#### YOUR ASSIGNMENT:
Pictures do not belong in the copy; retype the records below exactly.

= Beginning of Section =

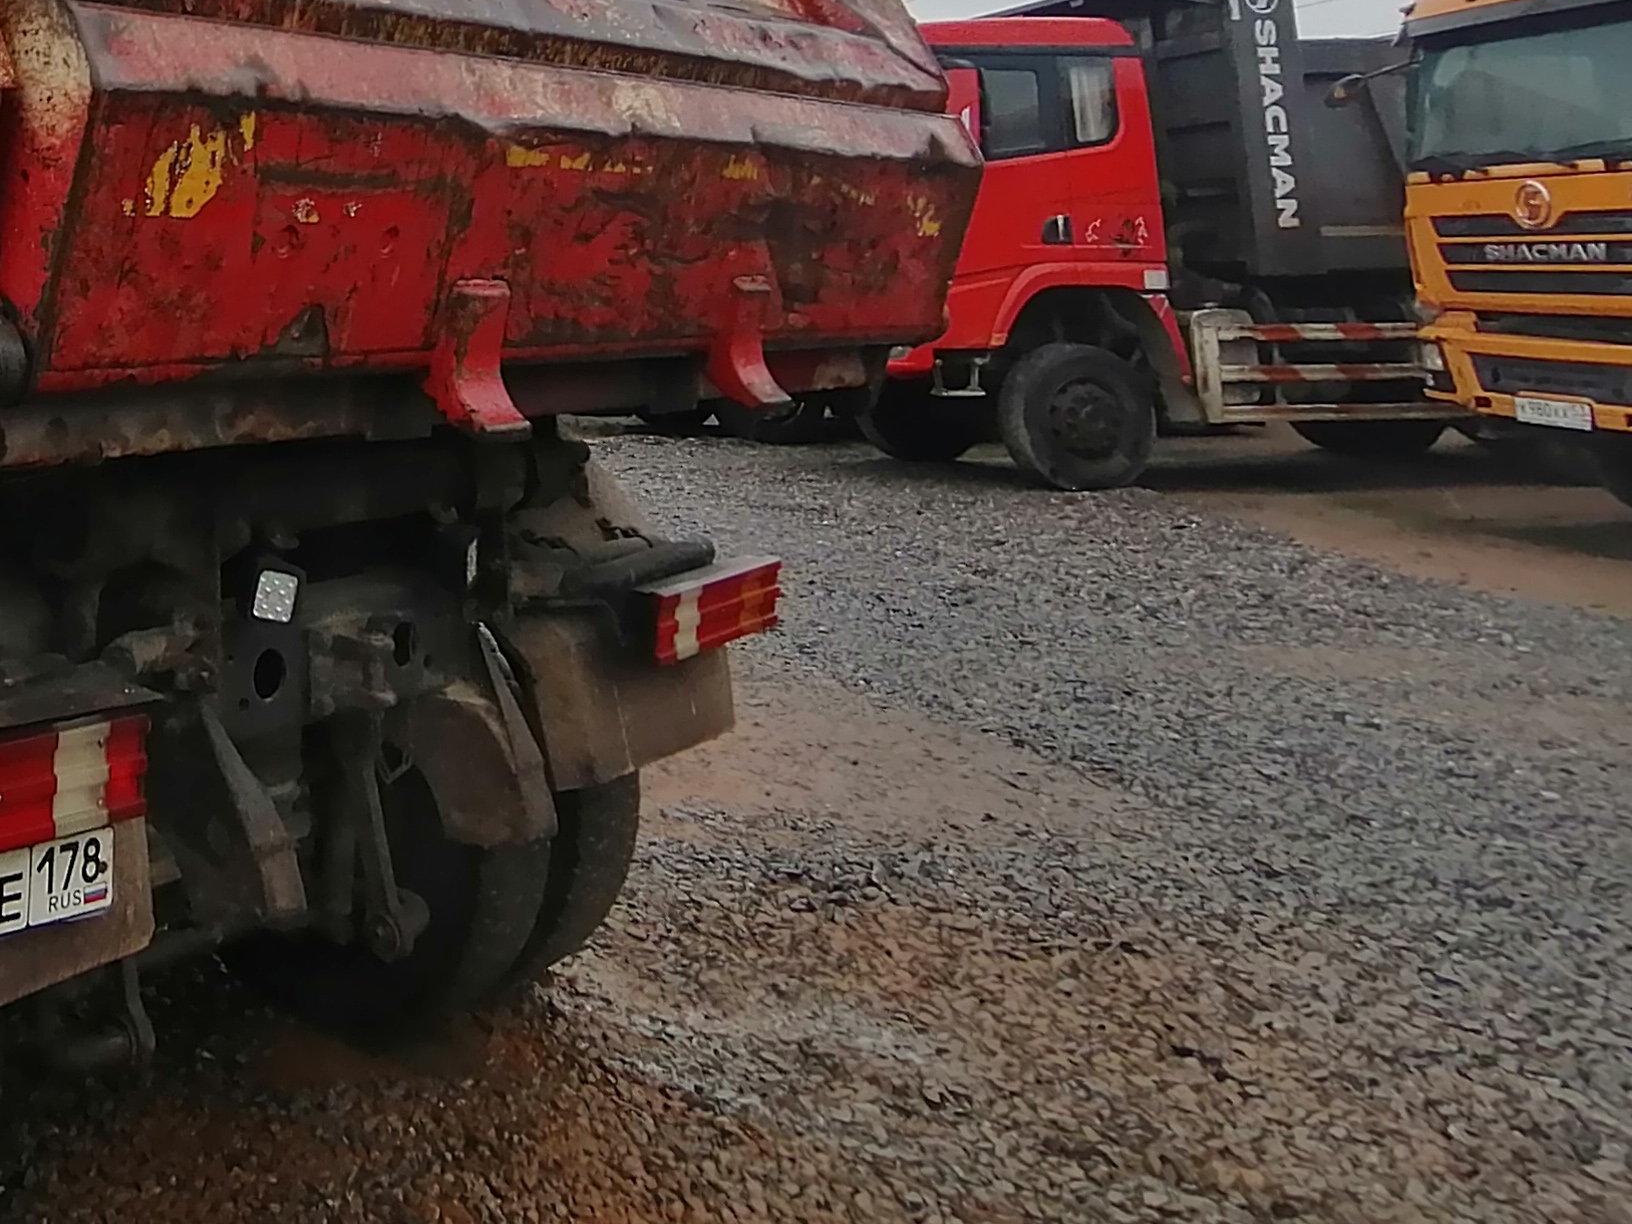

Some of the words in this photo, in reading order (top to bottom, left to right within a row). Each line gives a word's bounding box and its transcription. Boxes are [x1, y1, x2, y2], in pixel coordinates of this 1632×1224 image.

[1254, 19, 1300, 228] SHACMAN
[1483, 243, 1607, 261] SHACMAN
[36, 837, 102, 895] 178
[48, 890, 82, 913] RUS

= End of Section =

#### FINISHED EXERCISE:
Some of the words in this photo, in reading order (top to bottom, left to right within a row). Each line gives a word's bounding box and its transcription. Boxes are [x1, y1, x2, y2], in pixel coordinates of this 1632×1224 image.

[1254, 19, 1300, 228] SHACMAN
[1483, 243, 1607, 261] SHACMAN
[36, 837, 102, 895] 178
[48, 890, 82, 913] RUS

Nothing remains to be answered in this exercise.